Data will be collected at three time points: baseline, 3 months post-intervention, and 6 months post-intervention. All data will be collected through app-based online surveys and will be stored in the backend database of app with password limiting the access. If caregivers fail to complete app-based surveys, we will provide printed paper questionnaires to participants through the support of facilitating teachers. In addition, an independent app-based survey among a sample of 100 caregivers will be conducted at each time period to test the reproducibility of collected data.

We also will collect compliance data through electronic strategies embedded in the app. These will include frequency of login, length of time using the app at each log-in, the number of knowledge disseminations used and listed as bookmarks, the number of published comments, and so on.

Data analysis plan

Analysis will follow the intention-to-treat approach [38]. Descriptive data (mean, standard deviation, median, inter-quartile range, proportion) will be calculated to describe the characteristics of primary and secondary outcome measures and covariates.
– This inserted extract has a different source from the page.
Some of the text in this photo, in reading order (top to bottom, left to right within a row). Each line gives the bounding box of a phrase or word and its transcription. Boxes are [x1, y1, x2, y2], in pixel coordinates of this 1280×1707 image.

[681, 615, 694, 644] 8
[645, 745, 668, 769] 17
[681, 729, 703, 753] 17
Chi-square test (categorical outcomes) and two sample independent t-test (continuous outcomes) will examine differences in unintentional injury incidence and other outcome indicators between the two arms at each time point (baseline, 3 months, 6 months). Chi-square test (categorical outcomes) and analysis of variance for repeated measurement data (continuous outcomes) will detect differences across the three time points for each arm.
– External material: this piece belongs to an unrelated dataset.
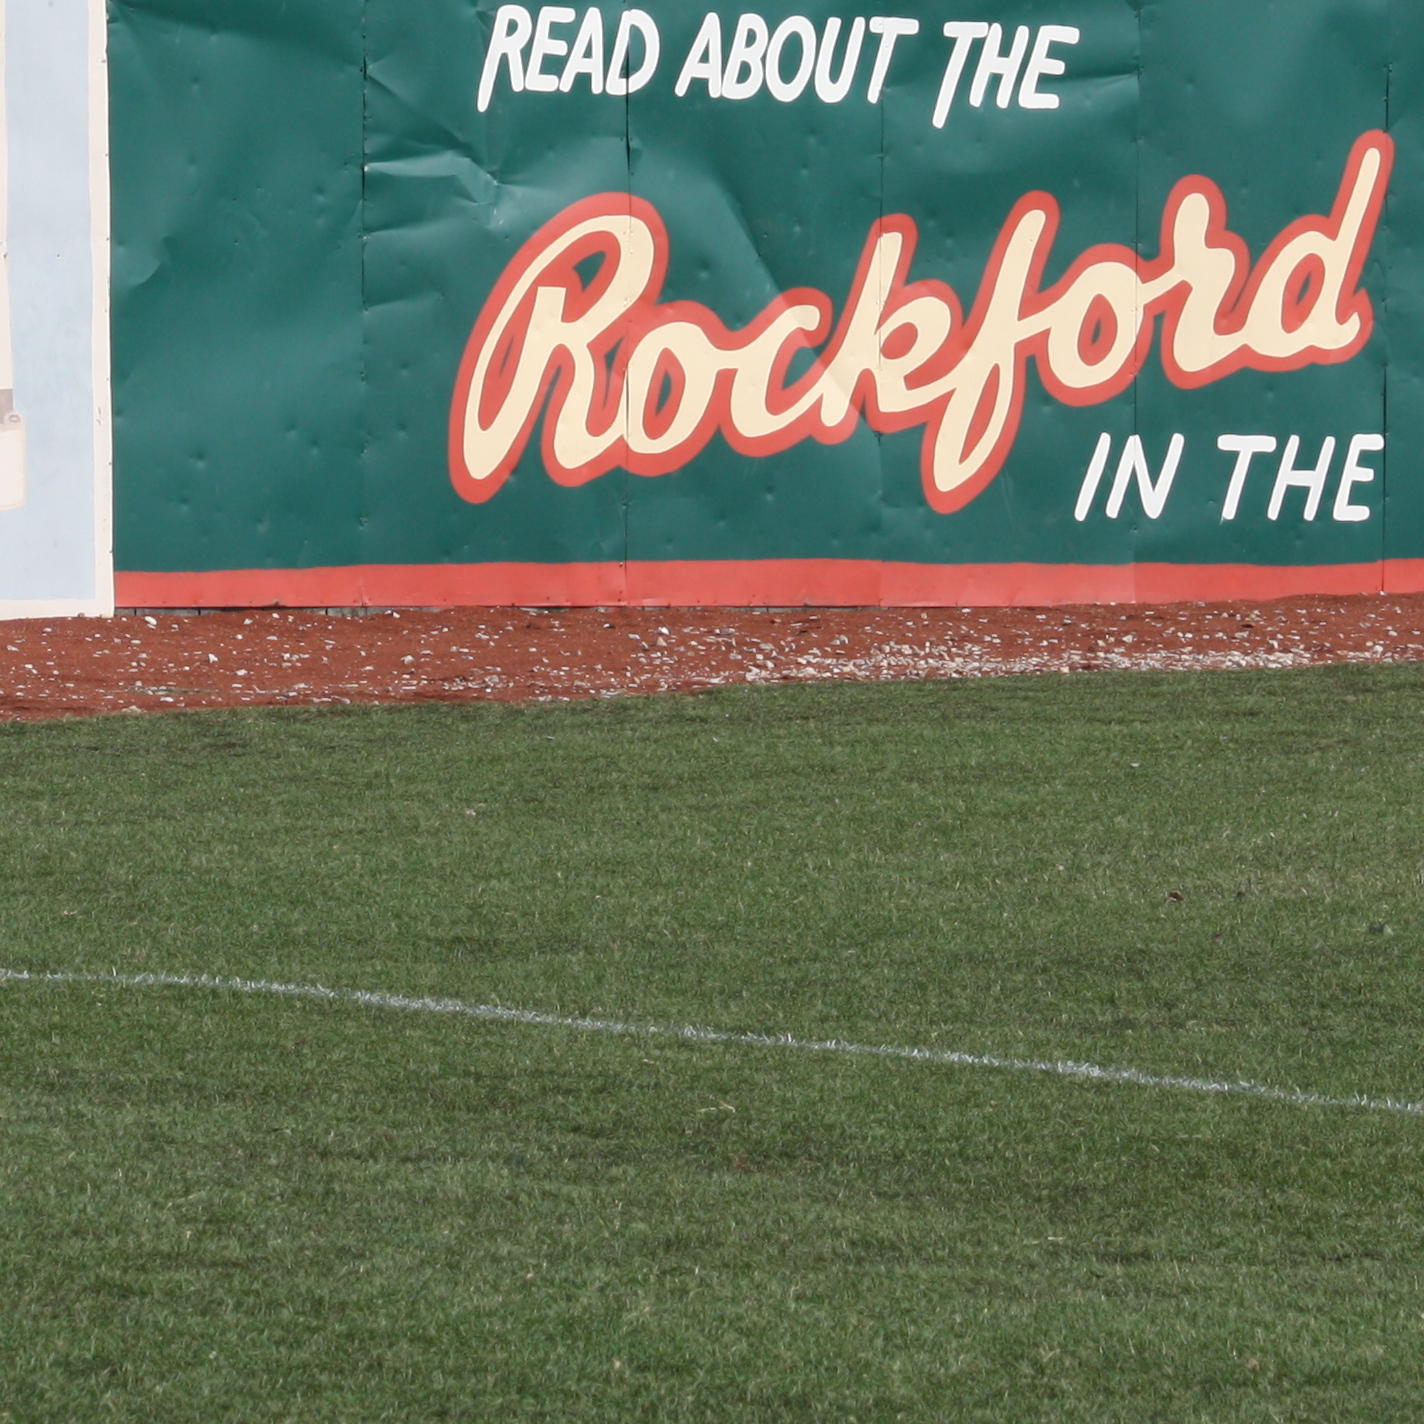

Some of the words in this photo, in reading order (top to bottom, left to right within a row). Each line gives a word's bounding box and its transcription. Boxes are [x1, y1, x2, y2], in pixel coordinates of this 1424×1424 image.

The primary analysis will be conducted through Generalized Estimation Equation (GEE) models, which will test the effectiveness of the app-based intervention based on the interaction of group (intervention vs. control) with time (baseline, 3 months, 6 months) after adjusting for socio-demographic variables (age, sex, household income) and compliance to the intervention (use of the app-based interventions).

Missing values will be imputed using the Expectation Maximization algorithm (EM). To test the robustness of results, sensitivity analysis will be conducted by comparing primary and secondary outcome data collected through the online app-based survey and those completed using a printed questionnaire survey. Statistical analysis will be performed through Stata/IC 12.1. Statistical significance will be based on 2-sided tests at the level of 0.05.

Planned subgroup analysis

Subgroup analyses will be performed to assess the impact of demographic factors, including gender, age, type of children’s caregivers (e.g., parents, grandparents, others), education level of caregivers, and household income per capita per month. Subgroup analyses will follow primary analyses.

Discussion

Smartphone apps are emerging as an effective, low-cost platform to disseminate health and safety information [39, 40]. They offer great potential for injury prevention, particularly in countries and regions where injury control resources are limited but smartphone penetration is high.

This trial is designed to evaluate the effectiveness of an app-based intervention to prevent unintentional injuries to preschool-aged children in Changsha, China. The app-based intervention targets caregivers by educating them about the most common unintentional injury causes for Chinese preschoolers. It is developed based on relevant theories [28,29,30], empirical research evidence, and a systematic needs assessment, and it is anticipated that it will result in both knowledge acquisition and behavior change on the part of the caregivers. Unlike most published trials, it will use injury incidence as the primary outcome measure.

We also will conduct economic analyses to demonstrate the cost benefit of the app. If our hypotheses prove true, we anticipate the app could be readily and cost-effectively disseminated across China, yielding substantial public health benefit by reducing unintentional injuries among preschoolers [12].